[[ Given data open ]]

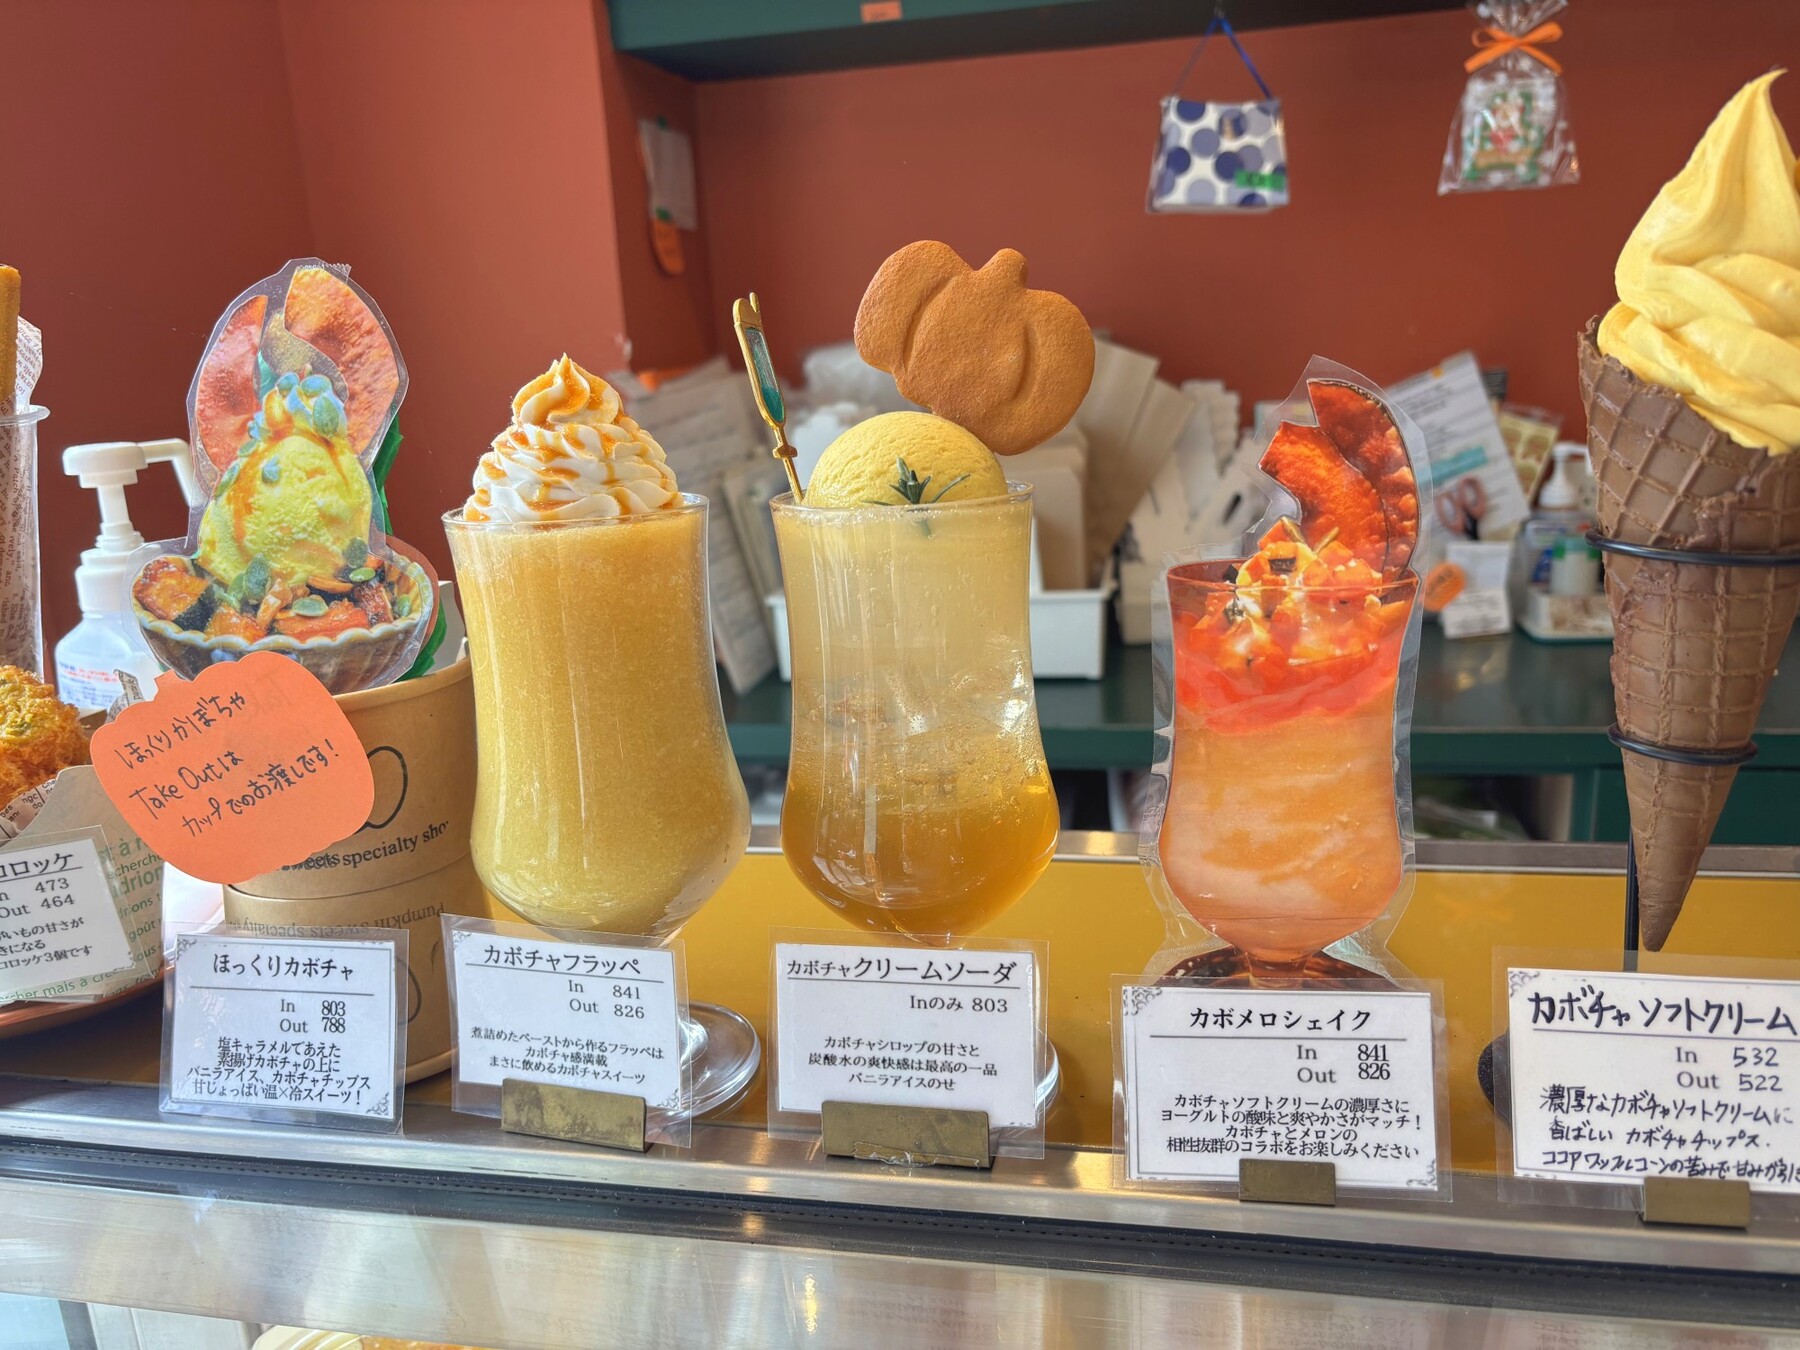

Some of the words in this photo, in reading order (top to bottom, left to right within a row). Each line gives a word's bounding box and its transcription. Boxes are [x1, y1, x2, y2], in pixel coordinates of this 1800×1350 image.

[114, 692, 246, 770] ほっくりかぼちゃ
[128, 783, 184, 820] Take
[342, 834, 418, 869] specialty
[422, 820, 450, 843] sho
[35, 877, 70, 893] 473
[0, 904, 31, 919] Out
[40, 893, 75, 909] 464
[212, 952, 355, 982] ほっくりカボチャ
[484, 945, 641, 976] カボチャフラッペ
[787, 957, 1018, 985] カボチャクリームソーダ
[42, 981, 76, 998] mais
[568, 980, 584, 994] In
[612, 985, 641, 1000] 841
[280, 998, 296, 1013] In
[321, 1000, 346, 1017] 803
[569, 998, 599, 1014] Out
[613, 1004, 645, 1020] 826
[971, 997, 1008, 1013] 803
[279, 1019, 309, 1034] Out
[321, 1017, 346, 1034] 788
[1189, 1008, 1372, 1032] カボメロシェイク
[217, 1036, 342, 1059] 塩キャラメルであえた
[525, 1046, 608, 1068] カボチャ感満載
[824, 1036, 981, 1057] カボチャシロップの甘さと
[1297, 1044, 1317, 1060] In
[1357, 1043, 1390, 1063] 841
[1675, 1046, 1699, 1064] In
[1732, 1047, 1780, 1068] 532
[217, 1051, 341, 1074] 素揚げカボチャの上に
[489, 1055, 646, 1085] まさに飲めるカボチャスイーツ
[808, 1052, 998, 1077] 炭酸水の爽快感は最高の一品
[1296, 1067, 1337, 1084] Out
[1357, 1062, 1391, 1081] 826
[848, 1073, 956, 1091] バニラアイスのせ
[1677, 1071, 1719, 1090] Out
[1738, 1074, 1784, 1092] 522
[1174, 1093, 1410, 1115] カボチャソフトクリームの濃厚さに
[1539, 1084, 1794, 1126] 濃厚なカボチャソフトクリームに
[1225, 1124, 1358, 1142] カボチャとメロンの
[1166, 1135, 1419, 1160] 相性抜群のコラボをお楽しみください

[[ Given data closed ]]

Required work: Take the data above and set it down exactly, images excluded.

Expected answer:
Some of the words in this photo, in reading order (top to bottom, left to right within a row). Each line gives a word's bounding box and its transcription. Boxes are [x1, y1, x2, y2], in pixel coordinates of this 1800×1350 image.

[114, 692, 246, 770] ほっくりかぼちゃ
[128, 783, 184, 820] Take
[342, 834, 418, 869] specialty
[422, 820, 450, 843] sho
[35, 877, 70, 893] 473
[0, 904, 31, 919] Out
[40, 893, 75, 909] 464
[212, 952, 355, 982] ほっくりカボチャ
[484, 945, 641, 976] カボチャフラッペ
[787, 957, 1018, 985] カボチャクリームソーダ
[42, 981, 76, 998] mais
[568, 980, 584, 994] In
[612, 985, 641, 1000] 841
[280, 998, 296, 1013] In
[321, 1000, 346, 1017] 803
[569, 998, 599, 1014] Out
[613, 1004, 645, 1020] 826
[971, 997, 1008, 1013] 803
[279, 1019, 309, 1034] Out
[321, 1017, 346, 1034] 788
[1189, 1008, 1372, 1032] カボメロシェイク
[217, 1036, 342, 1059] 塩キャラメルであえた
[525, 1046, 608, 1068] カボチャ感満載
[824, 1036, 981, 1057] カボチャシロップの甘さと
[1297, 1044, 1317, 1060] In
[1357, 1043, 1390, 1063] 841
[1675, 1046, 1699, 1064] In
[1732, 1047, 1780, 1068] 532
[217, 1051, 341, 1074] 素揚げカボチャの上に
[489, 1055, 646, 1085] まさに飲めるカボチャスイーツ
[808, 1052, 998, 1077] 炭酸水の爽快感は最高の一品
[1296, 1067, 1337, 1084] Out
[1357, 1062, 1391, 1081] 826
[848, 1073, 956, 1091] バニラアイスのせ
[1677, 1071, 1719, 1090] Out
[1738, 1074, 1784, 1092] 522
[1174, 1093, 1410, 1115] カボチャソフトクリームの濃厚さに
[1539, 1084, 1794, 1126] 濃厚なカボチャソフトクリームに
[1225, 1124, 1358, 1142] カボチャとメロンの
[1166, 1135, 1419, 1160] 相性抜群のコラボをお楽しみください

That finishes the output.